However, not paying attention to the structure of the code has some perils. For this reason, we will first analyze the problems with a bad code structure, how to address them, and then we will see how to configure and use tools for Python projects in order to automatically check and correct problems.

To sum this up, we can say that clean code has nothing to do with things like PEP-8 or coding styles. It goes way beyond that, and it means something more meaningful to the maintainability of the code and the quality of the software. However, as we will see, formatting the code correctly is important in order to work efficiently.

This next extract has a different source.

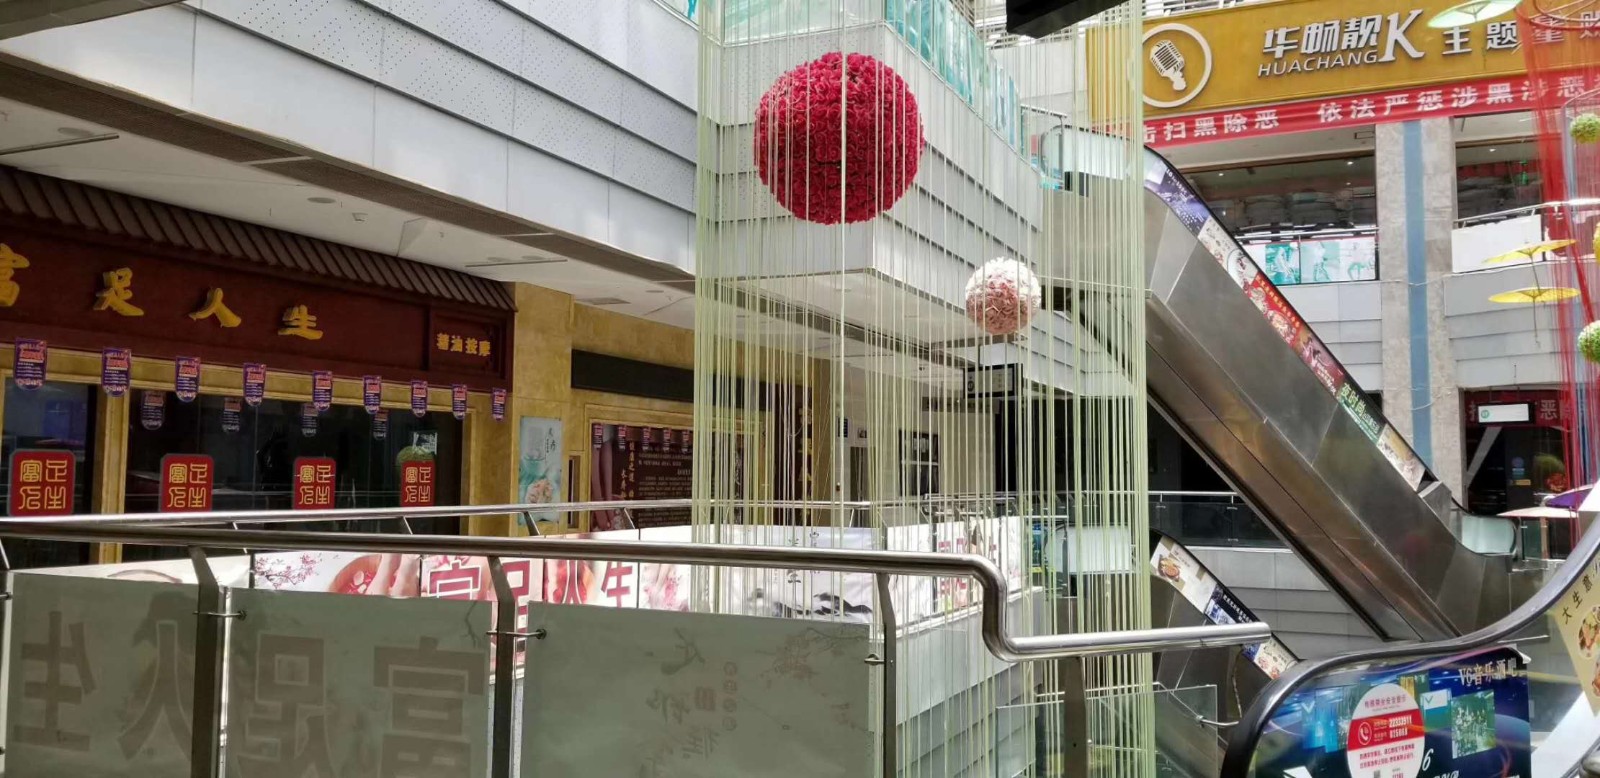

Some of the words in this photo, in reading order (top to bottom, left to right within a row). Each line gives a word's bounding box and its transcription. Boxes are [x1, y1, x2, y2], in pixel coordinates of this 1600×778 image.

[1258, 50, 1379, 77] HUACHANG
[1317, 73, 1600, 123] 依法严惩涉黑涉恶
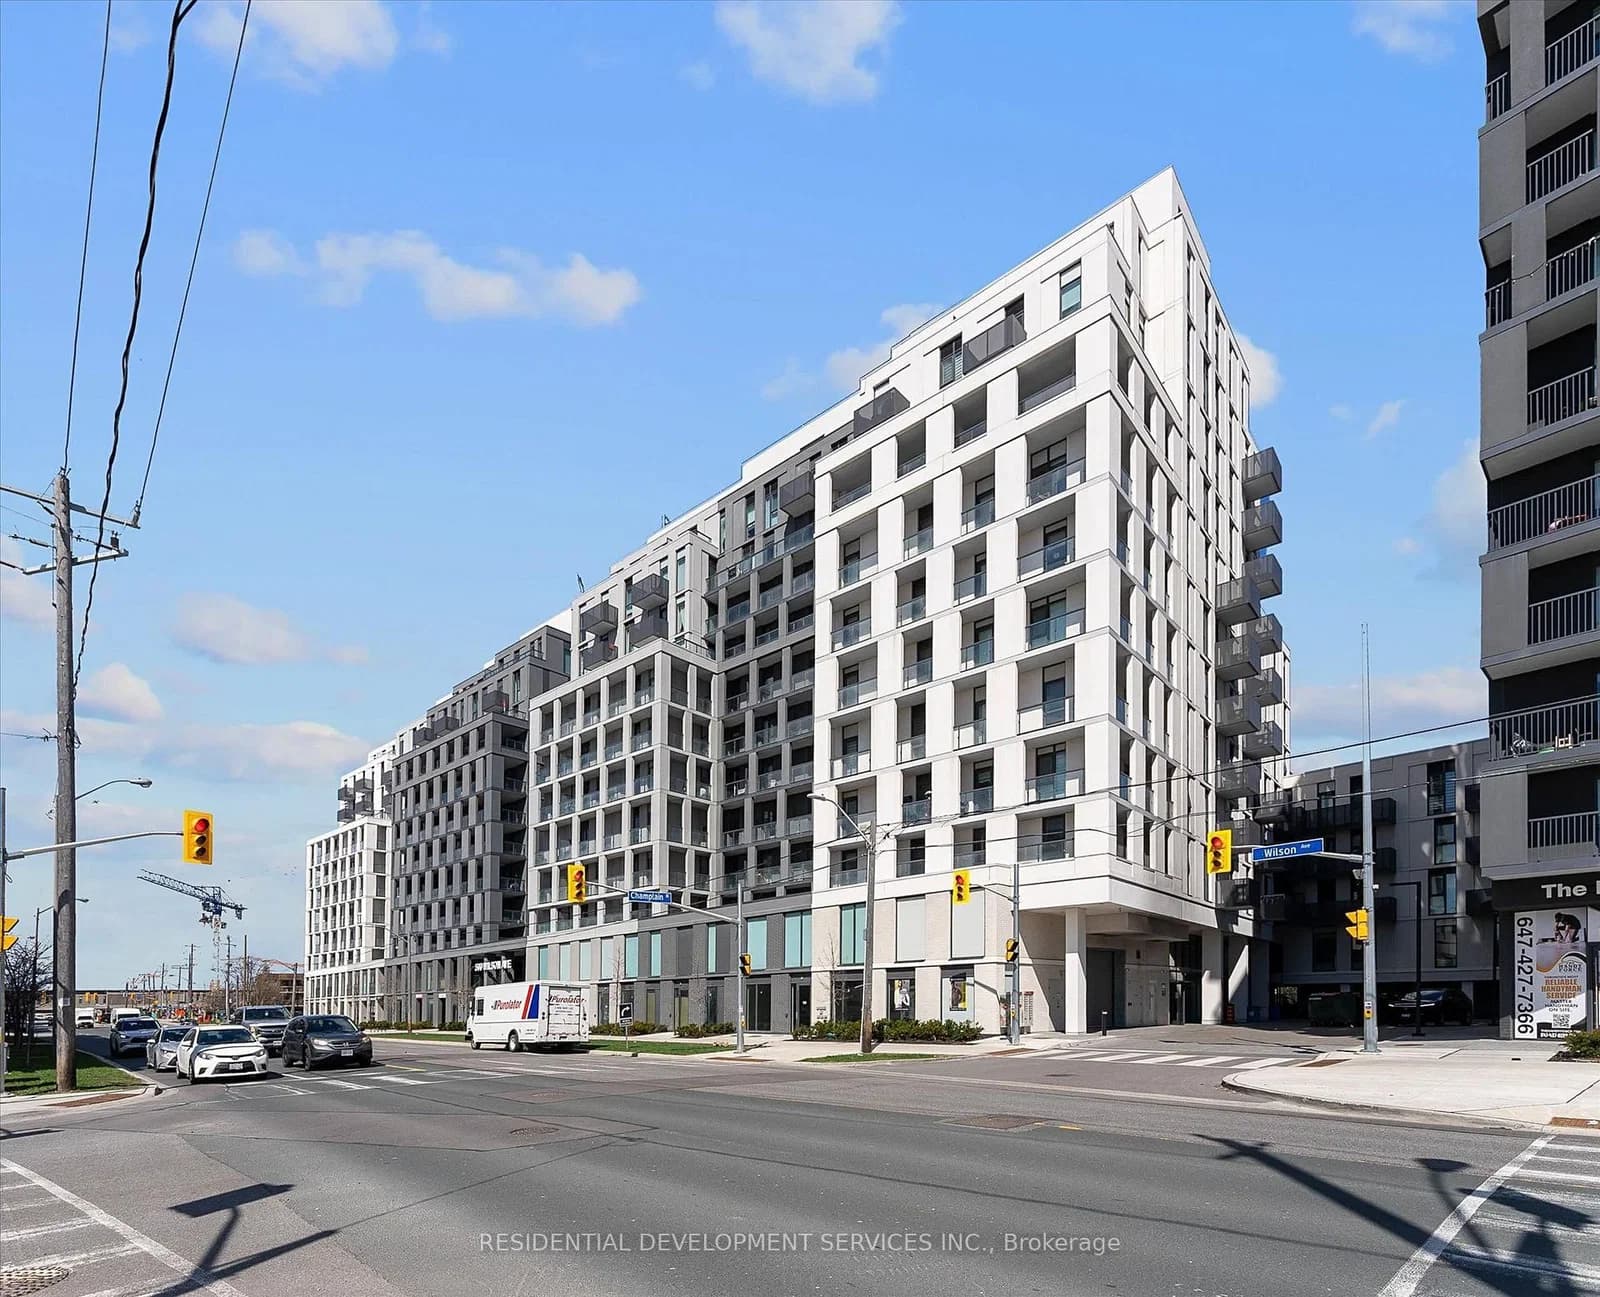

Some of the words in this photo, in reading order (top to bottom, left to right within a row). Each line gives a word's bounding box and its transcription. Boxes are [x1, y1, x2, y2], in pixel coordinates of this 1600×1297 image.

Adhering to a coding style guide on your project

A coding guideline is a bare minimum a project should have to be considered being developed under quality standards. In this section, we will explore the reasons behind this, so in the following sections, we can start looking at ways to enforce this automatically by the means of tools.

The first thing that comes to my mind when I try to find good traits in a code layout is consistency. I would expect the code to be consistently structured so that it is easier to read and follow. If the code is not correct or consistently structured, and everyone on the team is doing things in their own way, then we will end up with code that will require extra effort and concentration to be followed correctly. It will be error-prone, misleading, and bugs or subtleties might slip through easily.

We want to avoid that. What we want is exactly the opposite of that—code that we can read and understand as quickly as possible at a single glance.

If all members of the development team agree on a standardized way of structuring the code, the resulting code would look much more familiar. As a result of that, you will quickly identify patterns (more about this in a second), and with these patterns in mind, it will be much easier to understand things and detect errors. For example, when something is amiss, you will notice that somehow, there is something odd in the patterns you are used to seeing, which will catch your attention. You will take a closer look, and you will more than likely spot the mistake!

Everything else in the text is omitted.